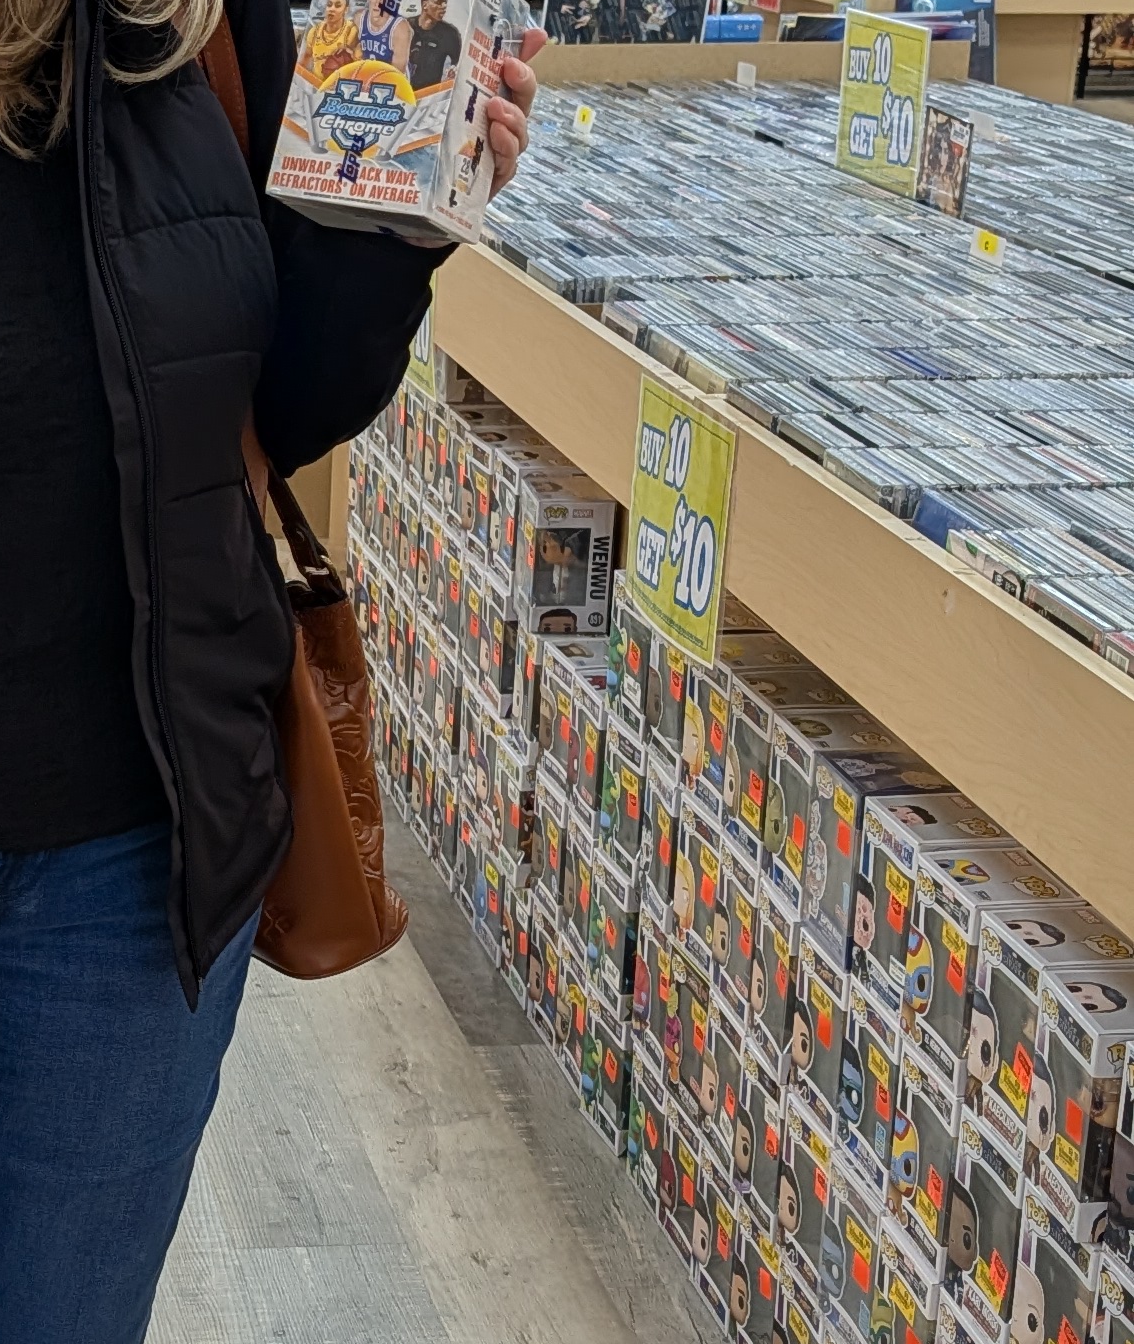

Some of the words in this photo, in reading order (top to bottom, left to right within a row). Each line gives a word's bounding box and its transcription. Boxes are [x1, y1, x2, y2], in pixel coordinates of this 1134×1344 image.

[848, 48, 871, 82] BUY
[872, 33, 892, 85] 10
[319, 96, 402, 123] Bowman
[319, 114, 396, 137] Chrome
[849, 113, 879, 159] GET
[881, 89, 914, 166] $10
[281, 156, 332, 178] UNWRAP
[385, 168, 418, 187] WAVE
[349, 182, 367, 197] ON
[368, 185, 421, 205] AVERAGE
[639, 423, 666, 479] BUY
[664, 415, 692, 492] 10
[589, 535, 611, 601] WENWU
[636, 517, 668, 591] GET
[670, 494, 716, 618] $10
[1100, 1269, 1125, 1314] POP!

* **PROBLEM DETAILS**: Copy out every entry above exactly. Leave the pictures out.

* **RESPONSE**:
Some of the words in this photo, in reading order (top to bottom, left to right within a row). Each line gives a word's bounding box and its transcription. Boxes are [x1, y1, x2, y2], in pixel coordinates of this 1134×1344 image.

[848, 48, 871, 82] BUY
[872, 33, 892, 85] 10
[319, 96, 402, 123] Bowman
[319, 114, 396, 137] Chrome
[849, 113, 879, 159] GET
[881, 89, 914, 166] $10
[281, 156, 332, 178] UNWRAP
[385, 168, 418, 187] WAVE
[349, 182, 367, 197] ON
[368, 185, 421, 205] AVERAGE
[639, 423, 666, 479] BUY
[664, 415, 692, 492] 10
[589, 535, 611, 601] WENWU
[636, 517, 668, 591] GET
[670, 494, 716, 618] $10
[1100, 1269, 1125, 1314] POP!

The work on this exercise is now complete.